In order to lock in funds, some project parties may take a different approach by first supporting ecosystem projects or developers. For example, Base, which does not issue tokens openly, attracts large holders to deposit funds on the protocol and cultivate user stickiness through applications such as https://t.co/HmXSsNRtzH and Bold that generate profits. However, even excellent applications like Uniswap have faced the problem of stagnant TVL before issuing tokens. It can be said that airdrops are a powerful move when the community's contribution to the ecosystem is weak, growth is sluggish, or even regressing, but it should not be the last move.
Conclusion
Community members generally complain that airdrop hunters support on-chain data, help projects survive in the bear market, and on the other hand, many project parties ignore airdrop hunters but indirectly attract them through various hints or by collaborating with third parties to initiate tasks, encouraging users to participate in on-chain interactions, but delaying the announcement of airdrop plans. This kind of inconsistency often triggers negative emotions in the community.

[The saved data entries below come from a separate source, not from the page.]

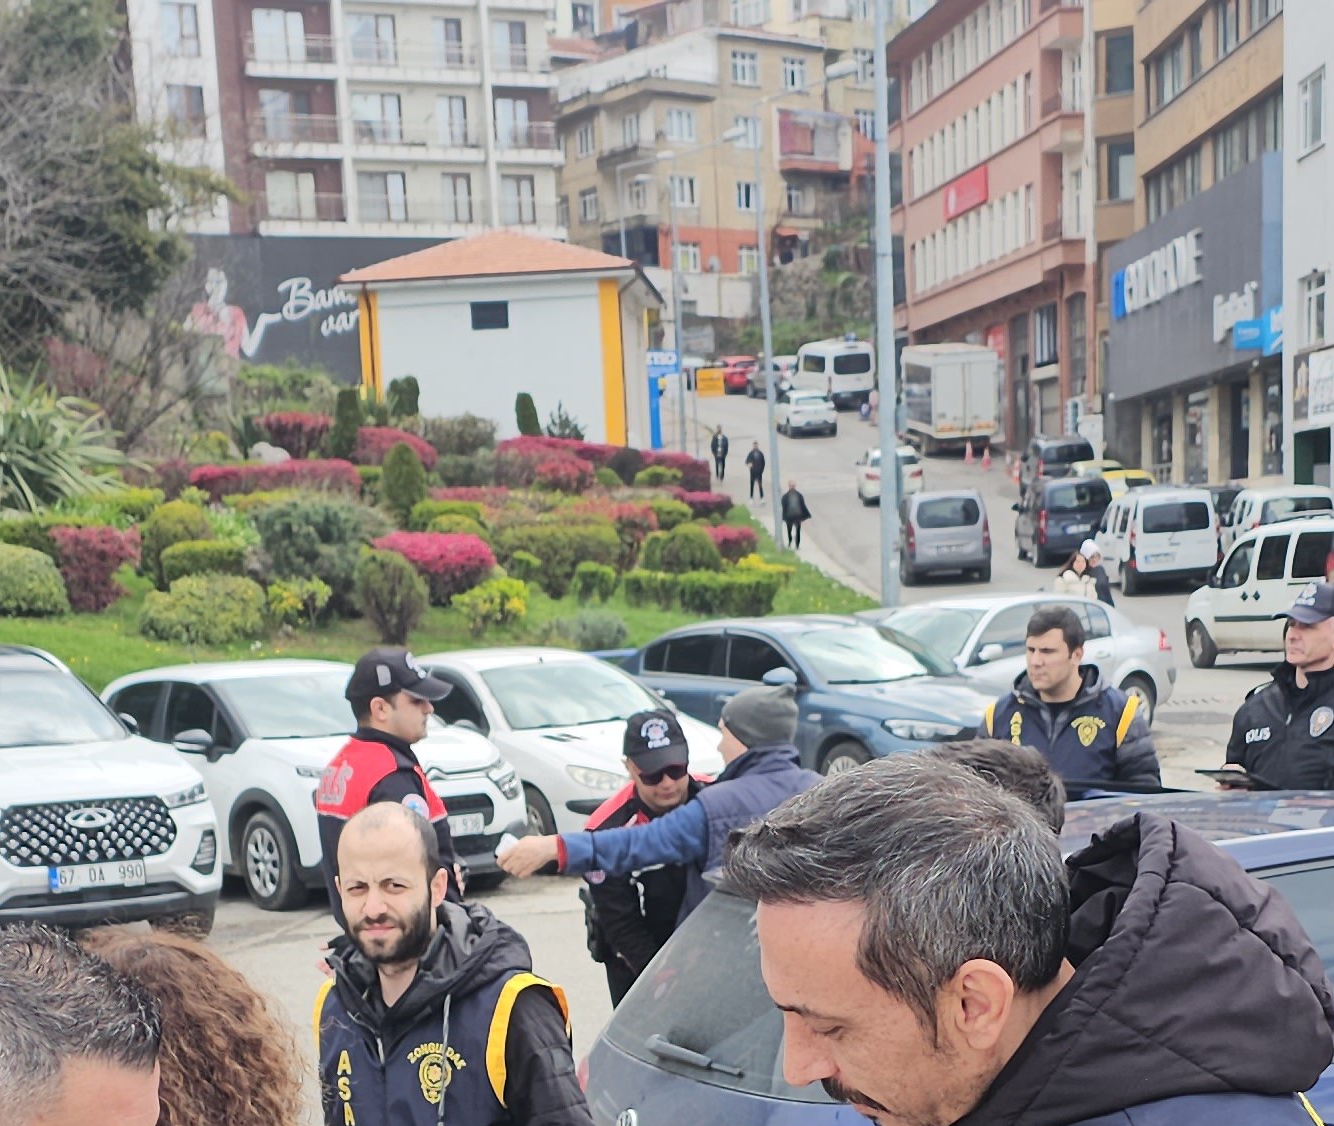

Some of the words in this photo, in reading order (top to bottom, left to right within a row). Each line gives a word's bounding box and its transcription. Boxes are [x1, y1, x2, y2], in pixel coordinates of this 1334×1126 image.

[59, 869, 75, 885] 67
[118, 863, 143, 879] 990
[406, 1042, 467, 1071] ZONGUDAK
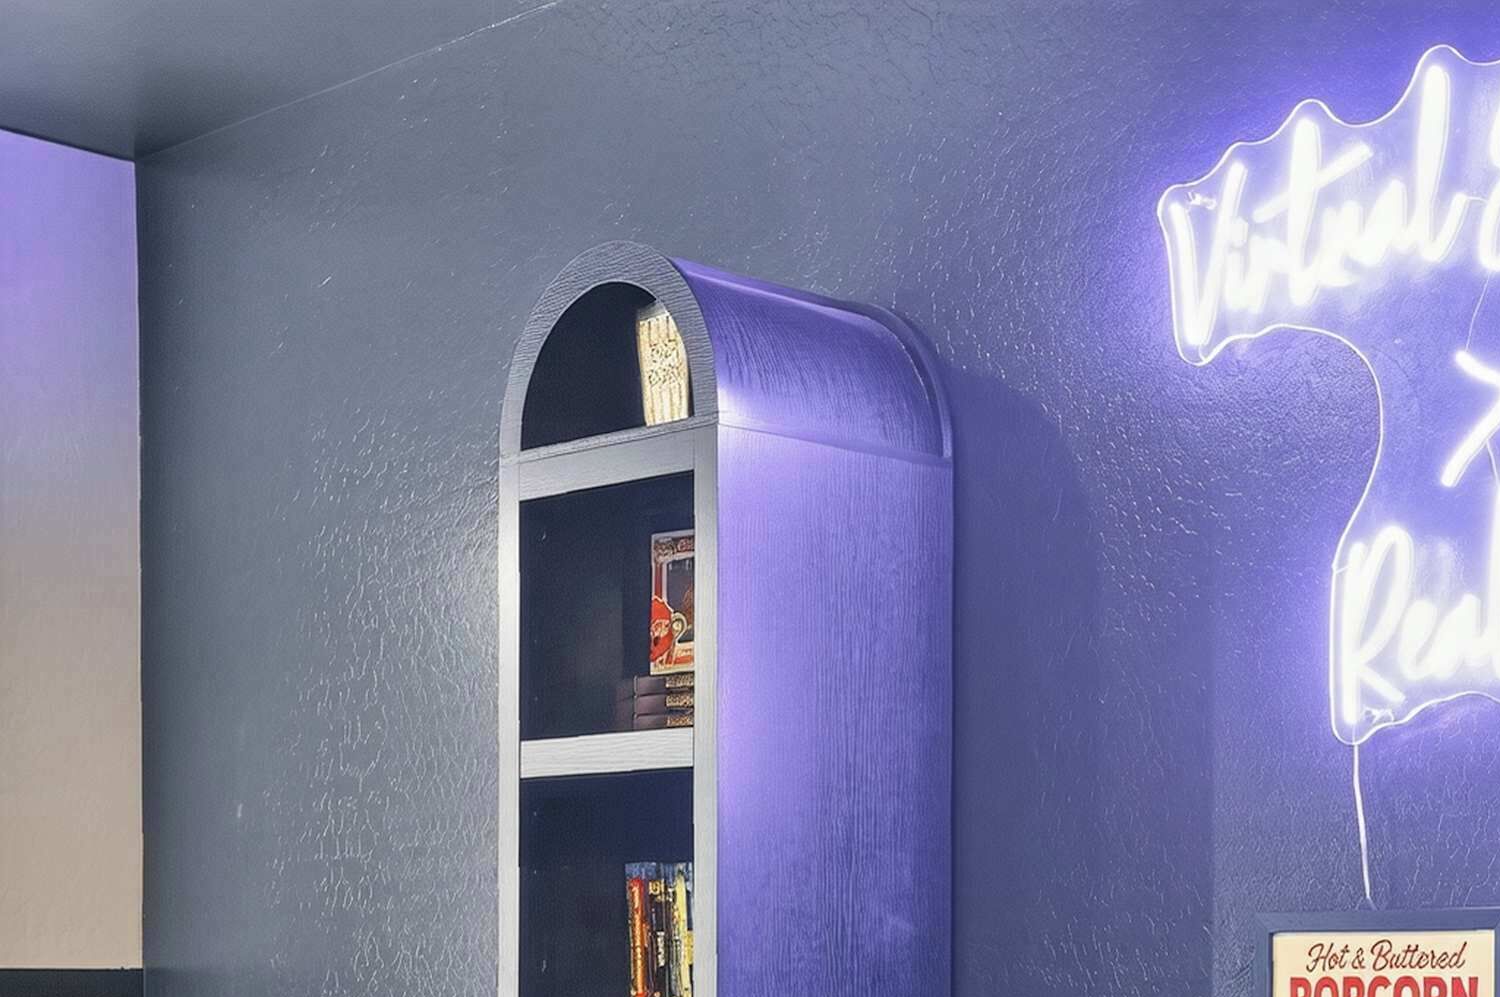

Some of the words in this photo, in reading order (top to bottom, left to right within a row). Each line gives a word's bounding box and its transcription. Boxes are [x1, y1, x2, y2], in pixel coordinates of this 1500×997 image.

[1169, 64, 1466, 346] Virtual
[1306, 943, 1349, 973] Hot
[1352, 947, 1366, 970] &
[1370, 939, 1468, 972] Buttered
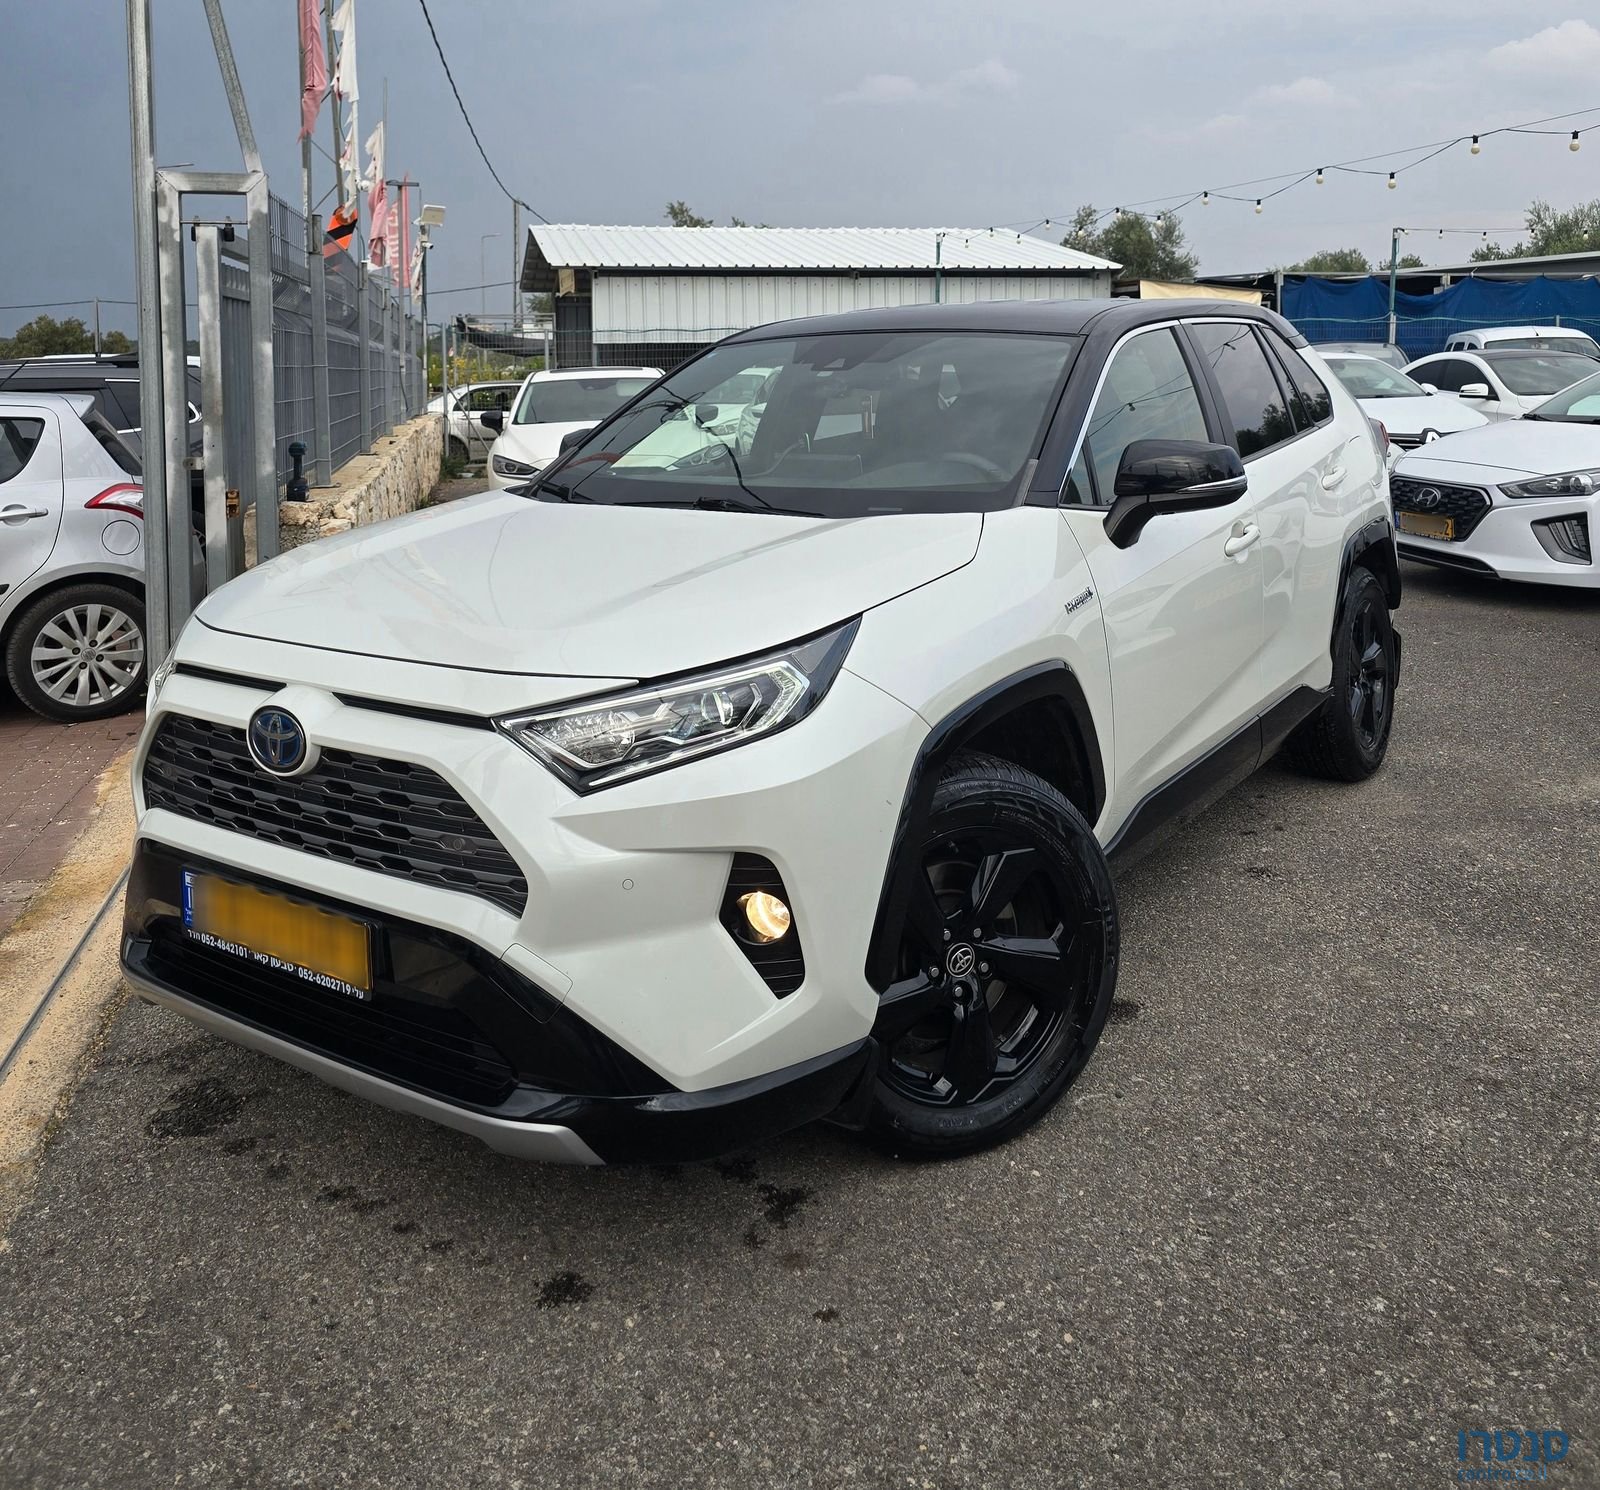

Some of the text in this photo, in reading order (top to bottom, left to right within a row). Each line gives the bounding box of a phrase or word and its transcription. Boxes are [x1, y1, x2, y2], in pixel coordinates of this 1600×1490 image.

[201, 933, 248, 958] 052-4842101
[270, 956, 294, 972] טבעון
[298, 967, 351, 995] 052-6202719

Airdrops that directly attract funds for deposits utilize the liquidity of users' funds and will reward users with airdrops in the future, and users also need to consider the opportunity cost.
The airdrop standard, from interactive to deposit-based, may become the norm in the future, with the main criterion being the user's deposited funds, reflecting the changes in the game and demand between users and project parties. However, this game between project parties and users may be alleviated as the bull market approaches and the overall crypto market environment warms up. In the bear market, the prisoner's dilemma of airdrop distribution by projects may improve as market funds gradually become more abundant. There have been recent complaints about "staking protocols having more ETH than users' hands." With the change in the landscape of fewer projects and more users, the attitude of project parties may also shift from rejecting airdrop hunters to competing for them.
The original intention of project parties is not to confront the community, but after the addition of thousands of studios to the airdrop army, they need to be more cautious in airdrop distribution. It is now basically unrealistic to get rich through airdrops, which requires strong research capabilities or good luck to discover the future value of niche projects. For airdrop hunters, the golden age of mass airdrops and picking up money everywhere has become history, and the future narrative of airdrops is uncertain. Everything needs to consider the classic "one's success depends not only on one's own efforts but also on the progress of history."